CATEGORY “Remote Desktop Configuration”
KEYNAME “SOFTWARE\Policies\Microsoft\Windows NT\Terminal Services”
POLICY !!DENY_CONNECT
#if version >= 4
SUPPORTED !!WinXP
#endif
EXPLAIN !!DENY_CONNECT_EXPLAIN
ACTIONLISTON
VALUENAME “fDenyTSConnections” VALUE NUMERIC 1
END ACTIONLISTON
ACTIONLISTOFF
VALUENAME “fDenyTSConnections” VALUE NUMERIC 0
END ACTIONLISTOFF
END POLICY
End Category
[strings]
WinXP=”At least Windows XP Professional or .NET Server”
DENY_CONNECT=”Do not allow client connections”

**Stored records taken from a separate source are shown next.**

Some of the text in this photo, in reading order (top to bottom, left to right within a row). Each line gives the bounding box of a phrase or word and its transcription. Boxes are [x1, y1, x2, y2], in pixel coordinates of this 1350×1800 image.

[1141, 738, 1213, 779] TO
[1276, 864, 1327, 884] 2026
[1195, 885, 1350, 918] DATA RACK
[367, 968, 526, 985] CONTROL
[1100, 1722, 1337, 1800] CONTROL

DENY_CONNECT_EXPLAIN=”Prevents remote desktop connections to the system.”
Open Group Policy Management
Navigate to Computer Configuration -> Administrative Templates
Right Click on Administrative Templates and select “Add or Remove Templates”

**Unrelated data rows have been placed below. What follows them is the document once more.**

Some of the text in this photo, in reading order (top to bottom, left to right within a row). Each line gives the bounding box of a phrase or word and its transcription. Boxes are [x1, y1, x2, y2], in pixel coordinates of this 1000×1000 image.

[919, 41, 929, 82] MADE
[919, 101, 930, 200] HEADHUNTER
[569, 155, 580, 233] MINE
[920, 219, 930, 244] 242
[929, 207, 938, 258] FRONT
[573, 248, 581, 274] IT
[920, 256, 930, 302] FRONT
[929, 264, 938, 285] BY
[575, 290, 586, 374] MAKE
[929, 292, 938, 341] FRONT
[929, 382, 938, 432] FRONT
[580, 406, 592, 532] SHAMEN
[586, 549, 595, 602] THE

Select Add and add “Remote_Desktop_Configuration.adm” and hit open
Hit close on the next screen
Expand Administrative Templates in Group Policy Management
Select Remote_Desktop_Configuration
Select “Do Not Allow Client Connections”
Delect Disable
Now to Select your Remote Desktop Users
Still under Group Policy Management, navigate to:
Computer Configuration-> Windows Settings-> Security Settings-> Local Policies-> User Rights Assignments-> Allow Log on through Terminal Services.
Select your user groups or users which you want to have access to Remote Desktop into the workstations.
Hit OK and close out of Group Policy Object Editor
Apply this group policy to to the OU for the computers you want to apply this to.